Worksmart were honoured to sponsor this event, and myself and a colleague attended the ceremony, along with Emma Howell our Business Development Manager attending as a judge and a presenter of the Best D&I Initiative award, which went to LGT Vestra. This was a lovely event (and nice to wear something other than slippers) but also a great opportunity to recognise not only the firms that are integrating positive diversity and inclusion practices in their workplaces, but also individuals who are making real changes to ensure this is not just ‘fulfilling a quota’ or crossing a requirement off the ‘inclusion’ checklist.
This event also gave me the opportunity to think about how often I have seen real D&I in the places I have worked during my career and whether it was a genuine strive for equality across the board, just added to the ‘About Us’ on the website, or an act of ‘tokenism’.
In the past I had the pleasure of working for a very large international aid agency who worked with communities in some of the poorest countries in the world, and I remember there was an occasion where a steering group had been put together from staff from all teams in the office to look at a new initiative (I can’t remember exactly what it what for), but needless to say it was supposed to have representation from all parts of the business in order to help the poorest people in the world – the majority of whom were people of colour. When we were introduced to this new steering group it struck me hard that not even one of them was a person of colour – not very ‘diverse or inclusive’ in my eyes, especially given the communities we were helping.
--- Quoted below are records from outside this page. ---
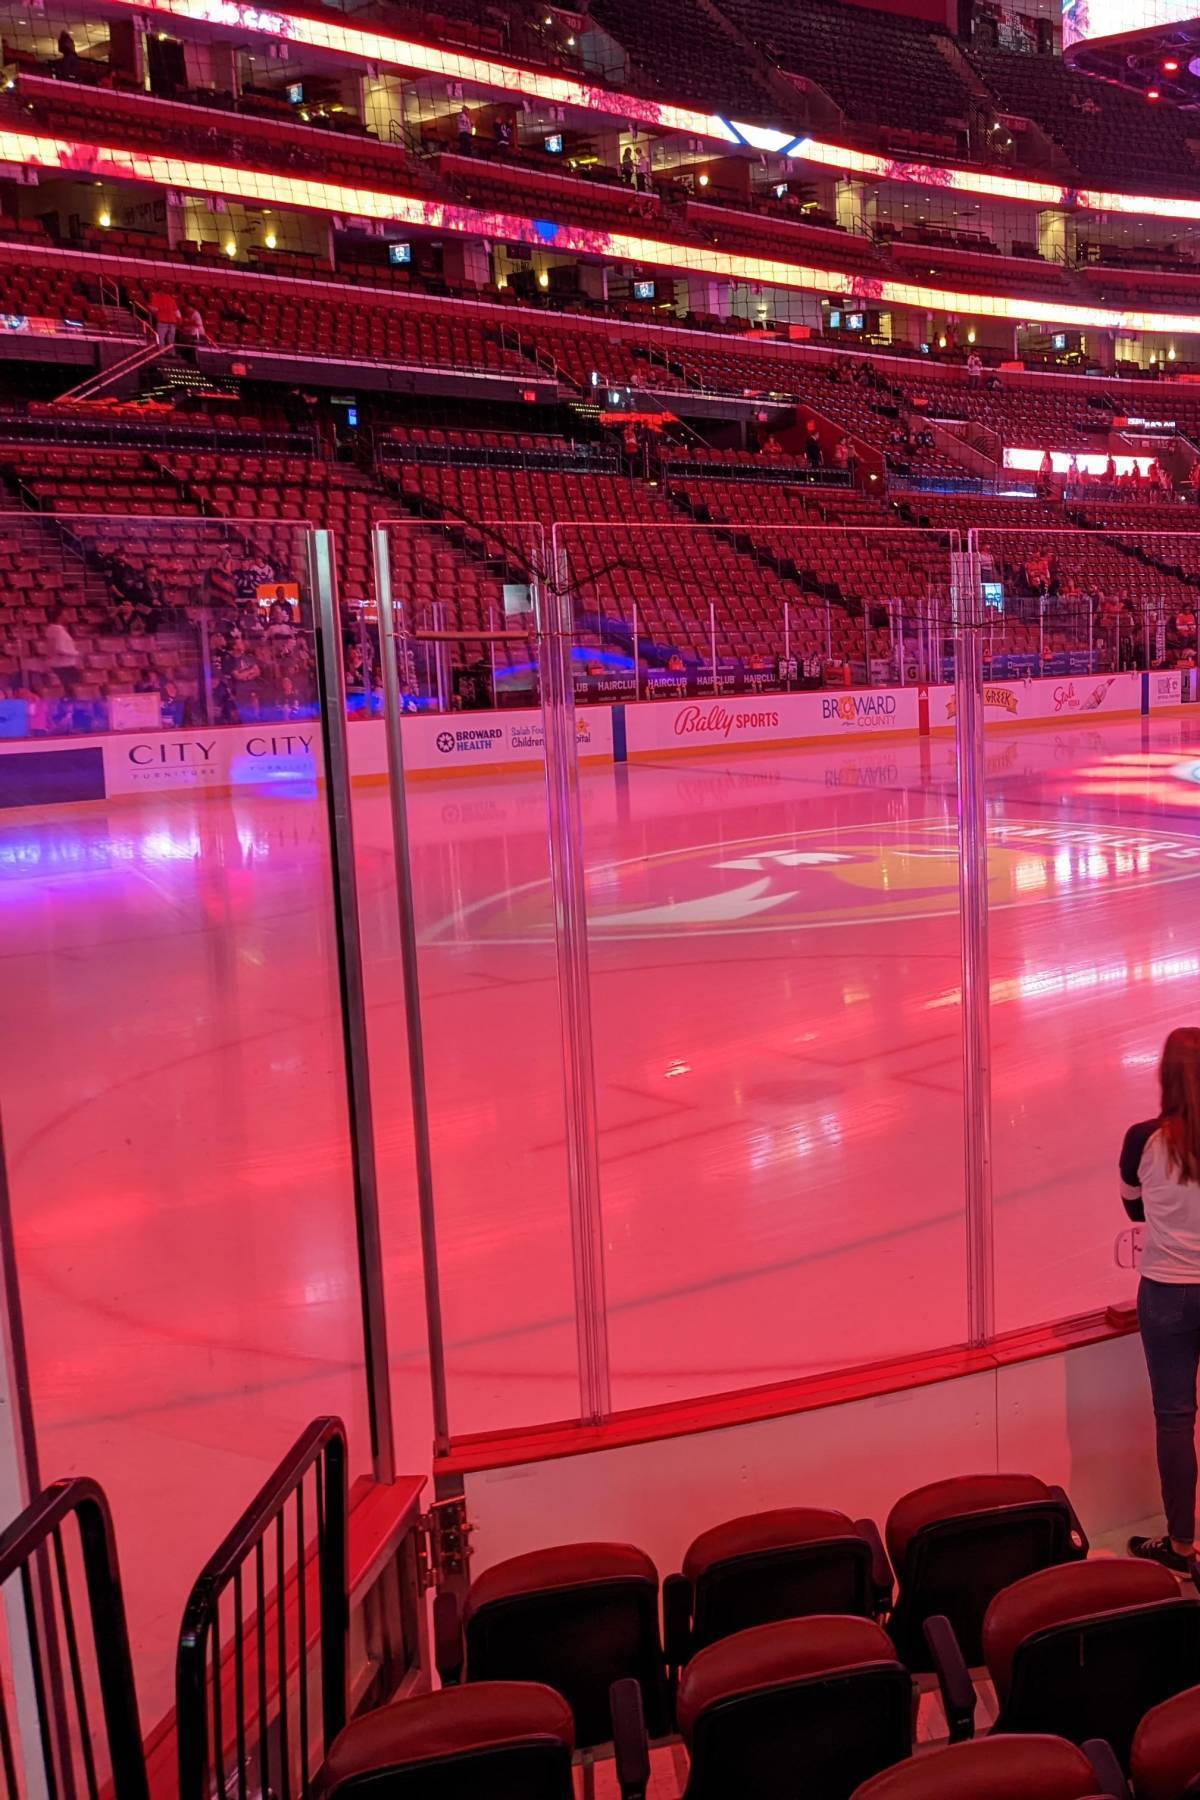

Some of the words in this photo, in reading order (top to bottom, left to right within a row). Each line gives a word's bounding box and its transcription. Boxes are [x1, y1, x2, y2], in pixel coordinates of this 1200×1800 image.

[647, 677, 688, 687] HAIRCLUB
[743, 673, 776, 683] HAIRCLU
[822, 695, 896, 719] BROWARD
[674, 705, 735, 738] Bally
[736, 712, 779, 729] SPORTS
[857, 714, 896, 727] COUNTY
[456, 728, 503, 741] BROWARD
[246, 735, 313, 757] CITY
[456, 739, 492, 751] HEALTH
[511, 737, 545, 748] Children
[129, 741, 217, 765] CITY
[133, 768, 216, 780] FURNITURE
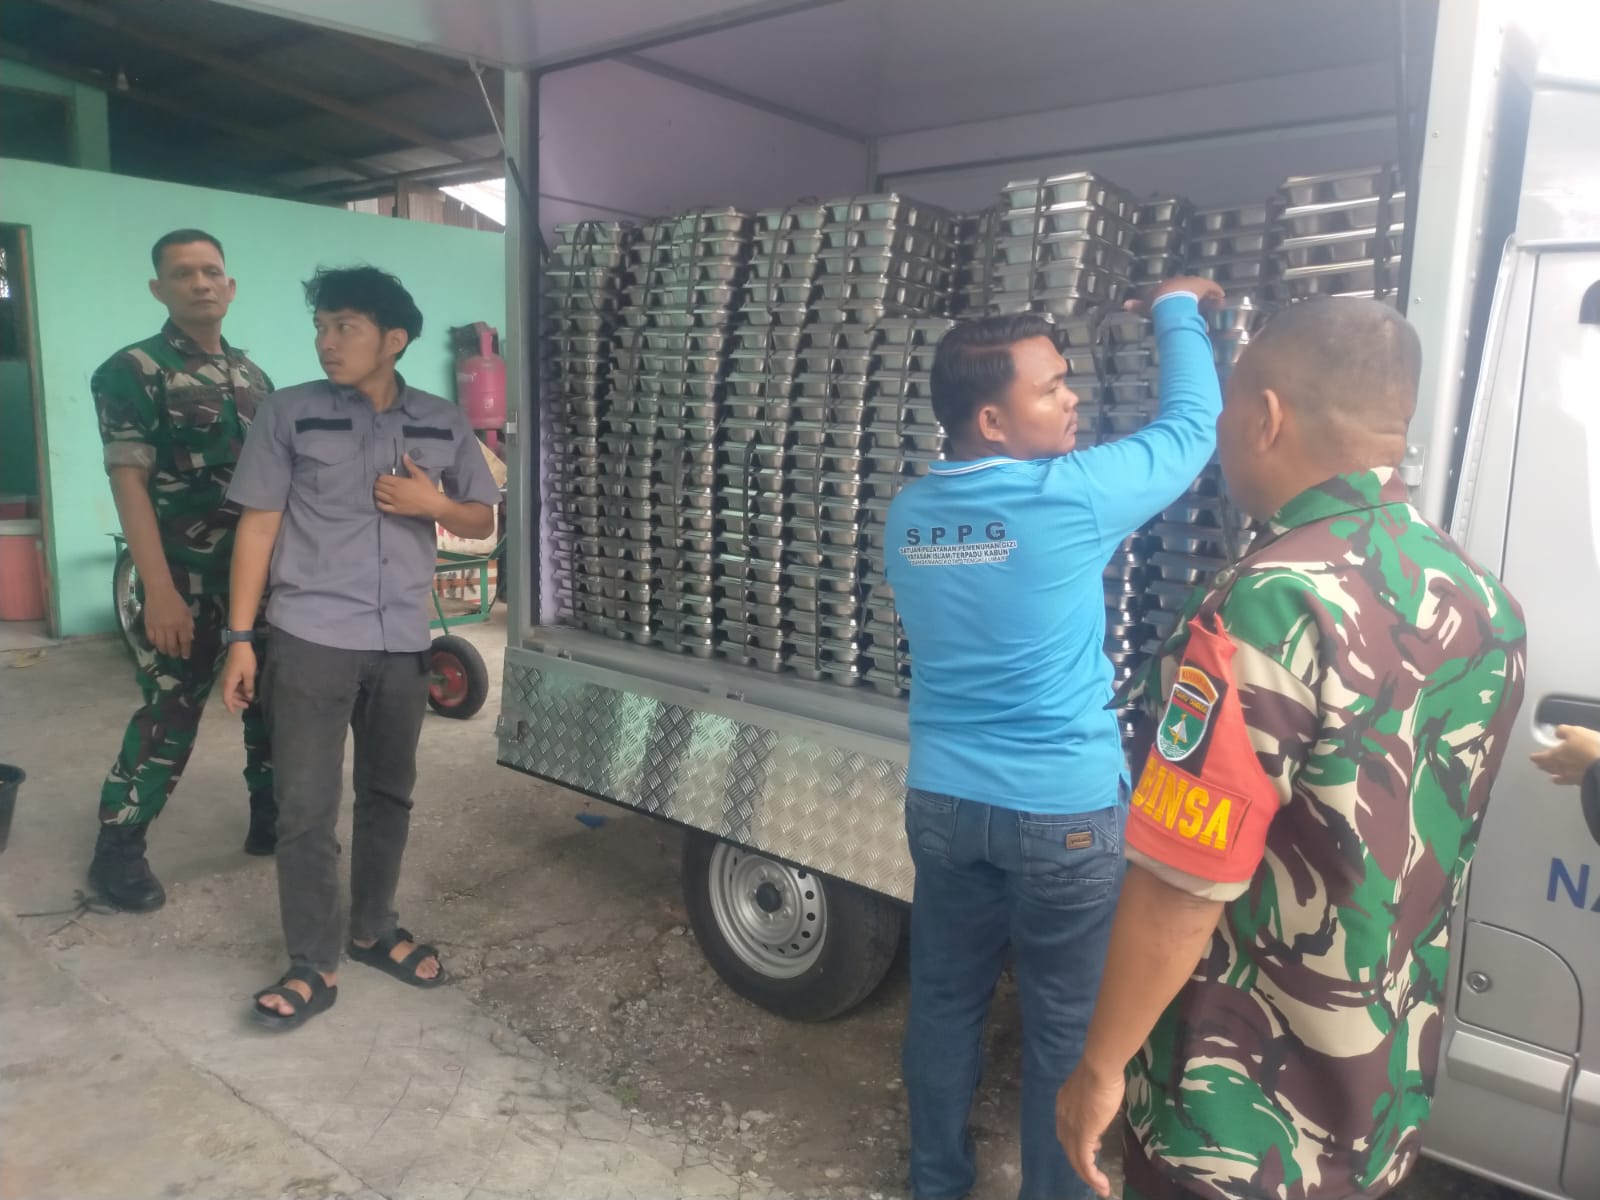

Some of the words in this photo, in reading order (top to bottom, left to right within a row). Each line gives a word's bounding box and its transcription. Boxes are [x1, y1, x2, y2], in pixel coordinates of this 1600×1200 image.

[1001, 540, 1017, 548] GIZI
[952, 550, 982, 559] TERPADU
[1547, 857, 1600, 913] N
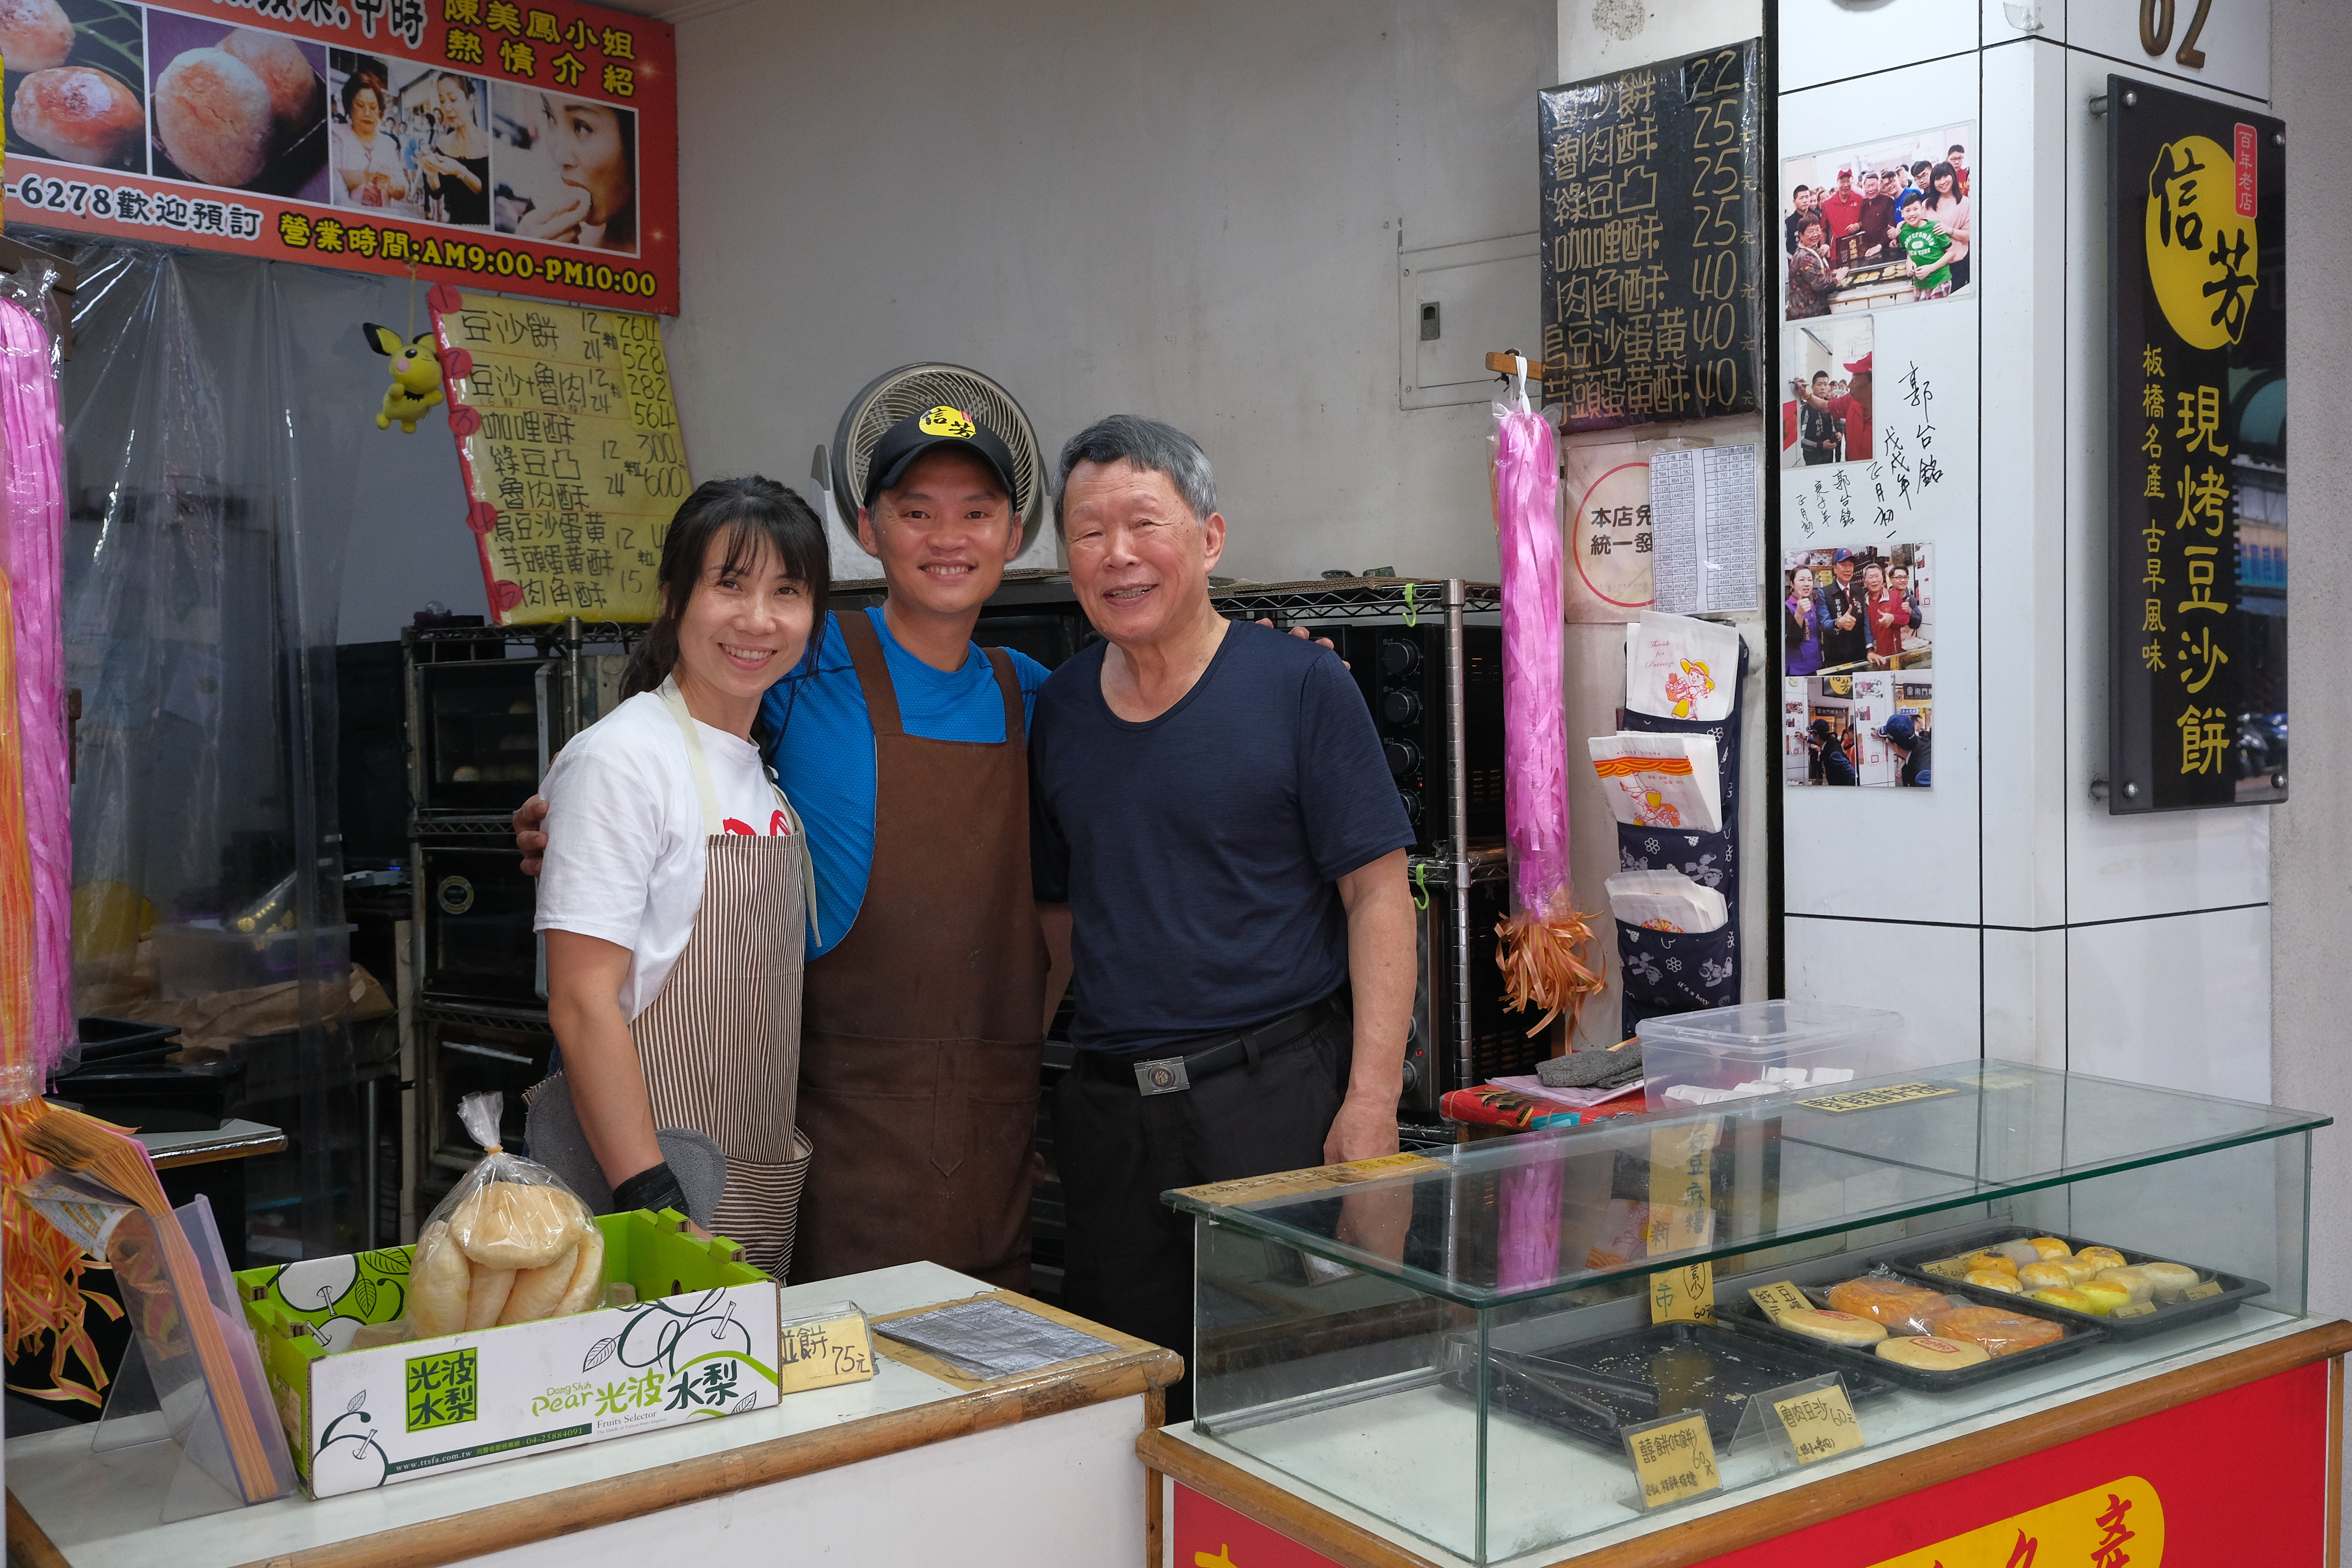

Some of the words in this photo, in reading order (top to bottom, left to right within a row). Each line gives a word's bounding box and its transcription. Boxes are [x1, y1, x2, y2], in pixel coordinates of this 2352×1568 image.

[447, 28, 635, 96] 熱情介紹
[1693, 50, 1739, 97] 22
[1554, 116, 1657, 180] 魯肉酥
[1693, 100, 1737, 148] 25
[1693, 149, 1740, 196] 25
[2239, 130, 2252, 211] 百年老店
[1693, 196, 1740, 247] 25
[1740, 231, 1755, 244] 元
[2151, 147, 2256, 342] 信芳
[1693, 250, 1736, 300] 40
[1740, 284, 1755, 299] 元
[461, 310, 558, 349] 豆沙餅
[581, 312, 600, 334] 12
[617, 315, 658, 344] 264
[1694, 303, 1735, 350] 40
[583, 341, 603, 361] 24
[623, 346, 665, 374] 528
[589, 369, 609, 387] 12
[628, 374, 667, 401] 282
[1696, 358, 1736, 405] 40
[482, 412, 575, 445] 咖哩酥
[591, 395, 611, 413] 24
[634, 403, 675, 429] 564
[922, 408, 975, 438] 信芳
[2141, 343, 2166, 499] 板橋名產
[490, 445, 580, 479] 綠豆凸
[603, 440, 620, 459] 12
[499, 478, 589, 510] 魯肉酥
[605, 476, 624, 497] 24
[644, 468, 683, 498] 600
[617, 528, 634, 549] 12
[2142, 519, 2166, 672] 古早風味
[2176, 384, 2230, 775] 現烤豆沙餅
[1651, 1220, 1674, 1318] 新市
[409, 1351, 476, 1393] 光波
[832, 1345, 870, 1375] 75元
[410, 1386, 475, 1427] 水梨
[547, 1386, 571, 1396] Dong
[572, 1381, 591, 1392] Shih
[597, 1417, 622, 1429] Fruits
[623, 1411, 657, 1424] Selector
[1830, 1408, 1856, 1426] 60元
[396, 1449, 472, 1472] www.ttsfa.com.tw
[526, 1427, 582, 1445] 04-25884091
Upon raising this with my director, a few days later I was invited to join the steering group (hmmm?) The group was great and went on to do wonderful life-changing things for the communities we worked with, but I was saddened that my appointment only happened because I was brave enough to challenge the lack of diversity, but it also made me believe I was simply put there as the ‘black’ representation, and since then I have always been a little sceptical of the D&I initiatives that I have seen being implemented.
After the awards ceremony I must be honest – my faith in firms genuinely making strides forward in D&I has increased! I was witness to individuals across our industry who had a real belief in the importance of D&I and it’s benefits not only to the sector but also their employees, with some of the winners sharing their experiences of how hard they had worked to get the buy-in and commitment from their firms. Of course, we still have a long way to go, but I was encouraged by the dedication of the industry to make this commitment to move forward and build trust and opportunities, not just for their clients by also for their colleagues to thrive in their roles.
Huge congratulations go to the nominees and winners of the awards, to PIMFA for putting together these inaugural awards, and I know at Worksmart we are eager to continue to be a part of the awards and of D&I initiatives in the years ahead.